====== Given information ======

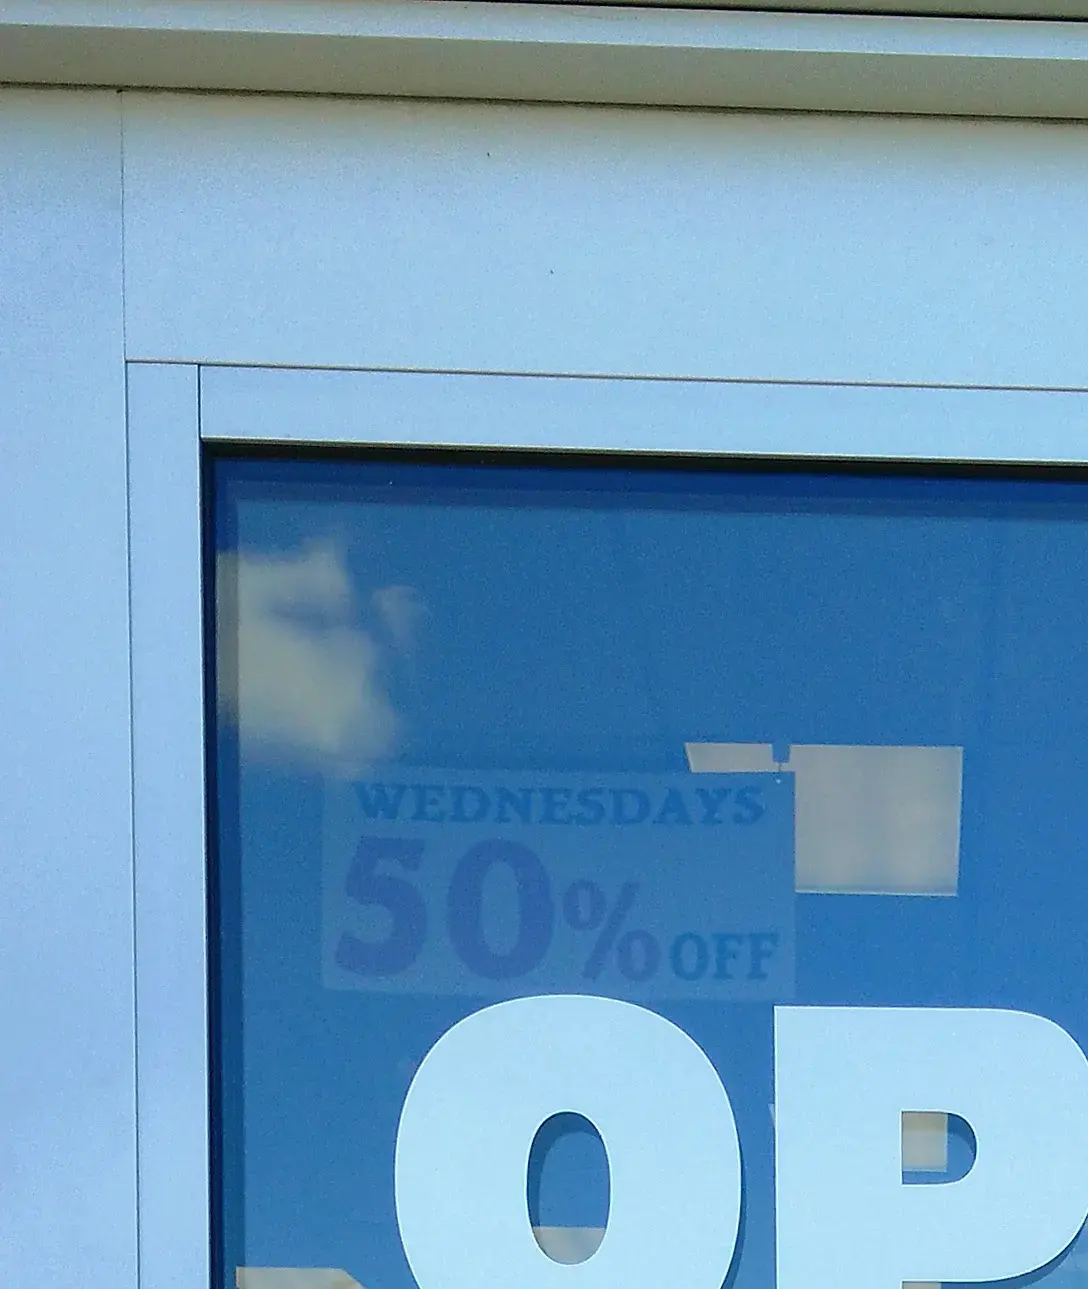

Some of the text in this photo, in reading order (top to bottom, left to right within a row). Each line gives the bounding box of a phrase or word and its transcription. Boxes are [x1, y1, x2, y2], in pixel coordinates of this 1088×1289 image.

[353, 783, 763, 825] WEDNESDAYS
[334, 836, 779, 981] 50% OFF
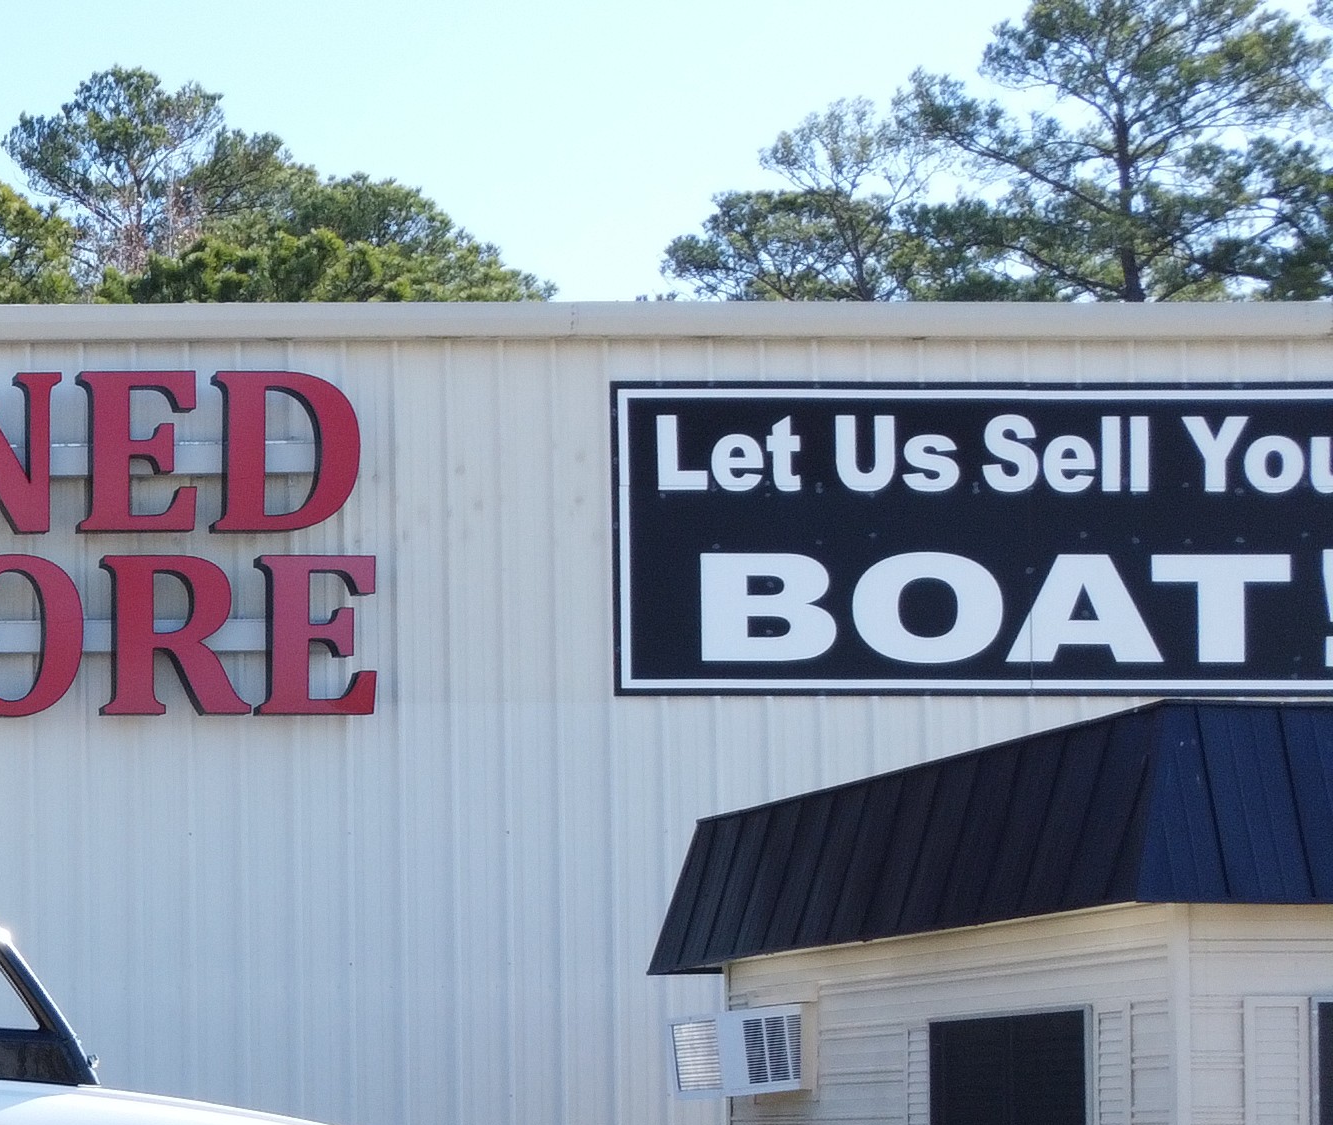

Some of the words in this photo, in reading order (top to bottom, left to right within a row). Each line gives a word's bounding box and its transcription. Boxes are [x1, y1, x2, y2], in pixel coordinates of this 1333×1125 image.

[655, 413, 802, 492] Let
[834, 413, 961, 492] Us
[982, 413, 1150, 493] Sell
[699, 549, 1333, 668] BOAT

======

Directions for this task:
Give back every entry word for word, and drop the pictures as you go.

Expected answer:
Some of the text in this photo, in reading order (top to bottom, left to right within a row). Each line gives the bounding box of a phrase or word and its transcription. Boxes are [x1, y1, x2, y2], in pixel coordinates of this 1088×1289 image.

[353, 783, 763, 825] WEDNESDAYS
[334, 836, 779, 981] 50% OFF

Some of the words in this photo, in reading order (top to bottom, left to right within a row). Each line gives a word's bounding box and its transcription. Boxes are [x1, y1, x2, y2], in pixel coordinates of this 1333×1125 image.

[655, 413, 802, 492] Let
[834, 413, 961, 492] Us
[982, 413, 1150, 493] Sell
[699, 549, 1333, 668] BOAT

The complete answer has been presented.